One class of trial designs that have been proposed to improve the efficiency of the drug development process as a whole are multi-arm multi-stage (MAMS) designs. MAMS designs are a rich class of designs but fundamentally consist of simultaneously testing several experimental treatments against a common control. Interim analyses are used in order to decide which treatments should continue. Using MAMS designs provides several advantages over running separate controlled trials for each experimental treatment:
a shared control group can be used, instead of a separate control group for each treatment; a direct head-to-head comparison of treatments is conducted, minimising biases that can be introduced from making comparisons between treatments tested in separate trials; the use of interim analyses allows ineffective treatments to be dropped early, or early stopping of the trial if one treatment is clearly superior (although this advantage applies also in the case of separate trials of each treatment through use of group-sequential designs).

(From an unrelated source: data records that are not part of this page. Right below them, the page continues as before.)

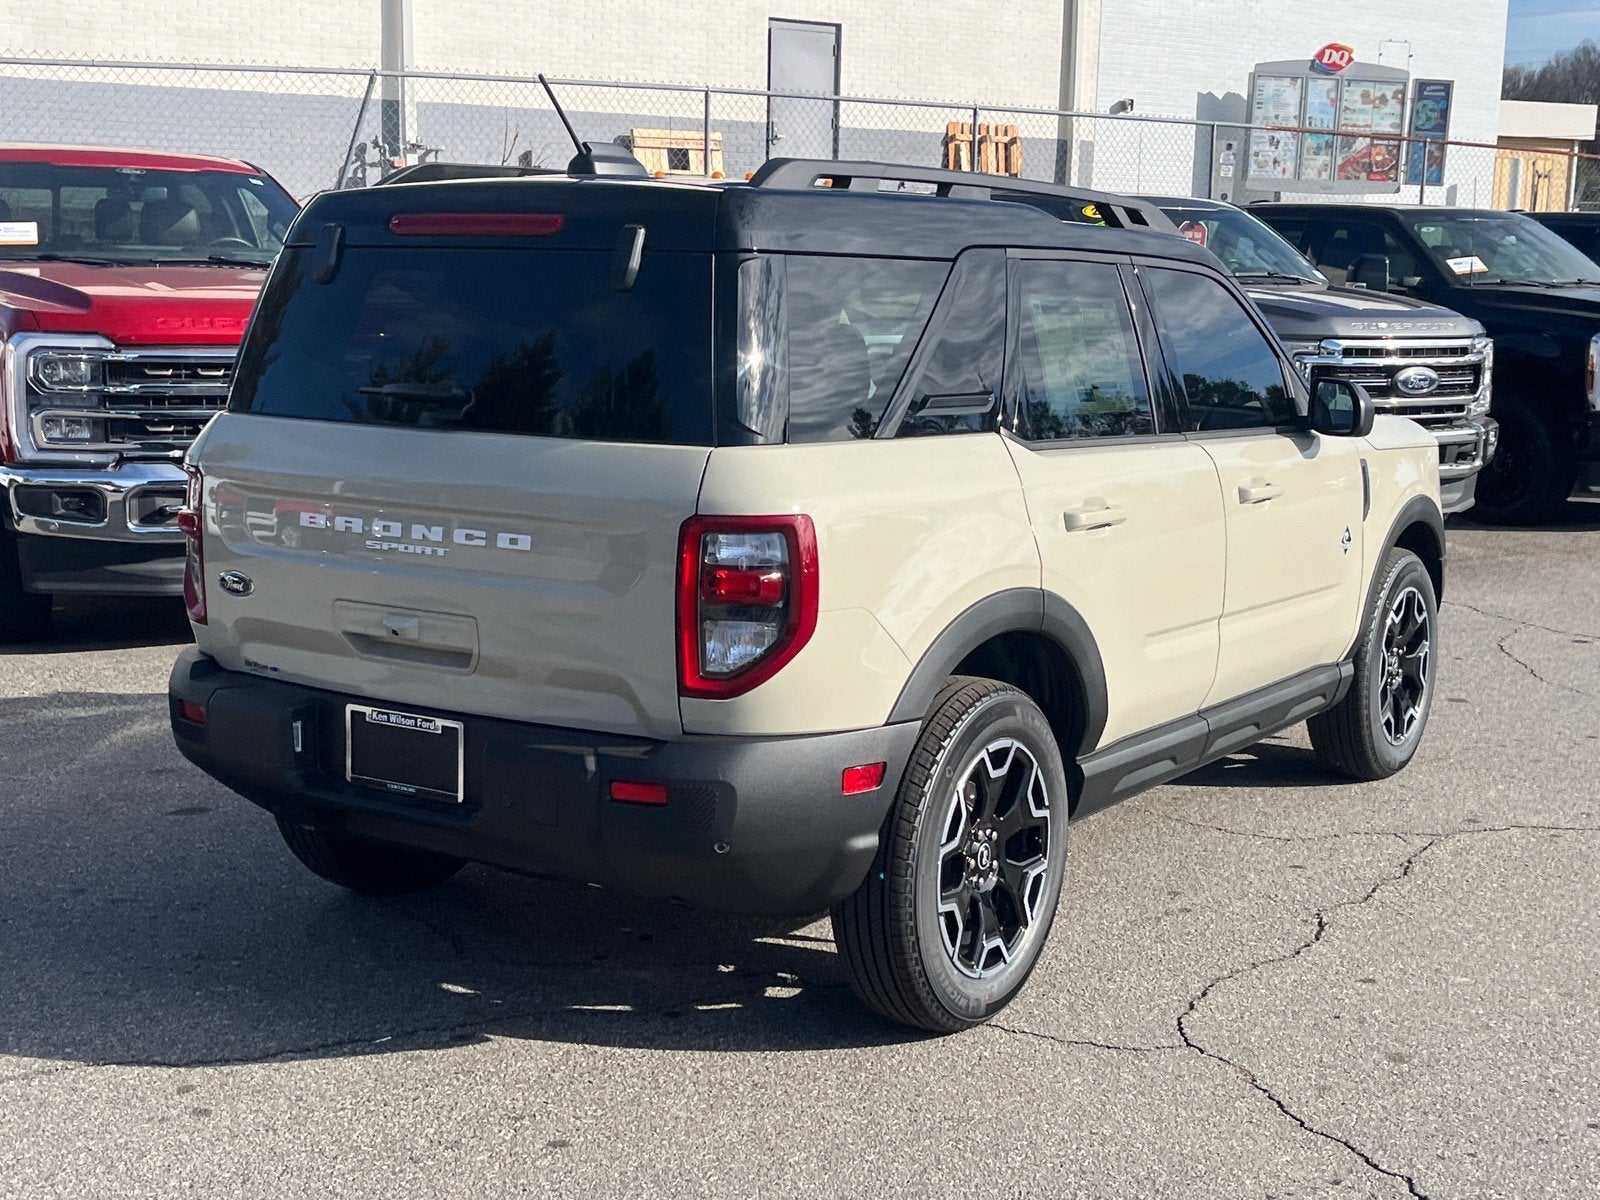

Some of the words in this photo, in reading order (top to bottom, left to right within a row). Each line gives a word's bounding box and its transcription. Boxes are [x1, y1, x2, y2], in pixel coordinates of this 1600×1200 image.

[1322, 48, 1349, 67] DQ
[299, 511, 532, 551] BRONCO
[365, 540, 449, 556] SPORT
[372, 710, 388, 722] Ken
[389, 713, 415, 727] Wilson
[417, 718, 435, 730] Ford

Within the class of MAMS studies a variety of different designs are available that differ mainly in the treatment selection at the interim analyses. A ‘Pick-the-winner’ design selects the most promising experimental treatment at the first interim analysis and compares it to control in the subsequent stages. 3 – 5 Stallard and Friede 6 allow more than one treatment to continue beyond the first stage, where the number of treatment arms within each stage is pre-specified while Kelly et al.7 prefer using a rule that allows all treatments that are close to the best performing treatment to be selected. Flexible adaptive two-stage multi-arm designs utilising p-value combination ideas together with closed testing have been discussed in, for example.8,9 These designs do not require pre-specification of a treatment selection rule and hence flexible decision making that takes other information from the first stage of the trial into consideration is possible. Study designs with two or more stages in which all treatments are continued at each stage, provided they are sufficiently promising, are discussed in Royston et al. 10 and Magirr et al. 11 This class, which we refer to as a group-sequential MAMS design, will be considered throughout the rest of the manuscript, although most statements will hold true irrespective of the selection rule used.
In this article, we discuss a range of statistical issues faced in the design of group-sequential MAMS trials and use the TAILoR trial, in which the same normally distributed endpoint is used at each analysis, as a motivating example. Much of our discussion will also apply to more complex MAMS designs in which endpoints are not necessarily normally distributed or the same at each analysis. We consider aspects of controlling the type-I error rate and power in a MAMS trial; choice of stopping boundaries; how to adjust boundaries when the variance of the normally distributed endpoint is unknown; the impact of adding a treatment arm during a MAMS trial; and whether additional patients should be allocated to the control group.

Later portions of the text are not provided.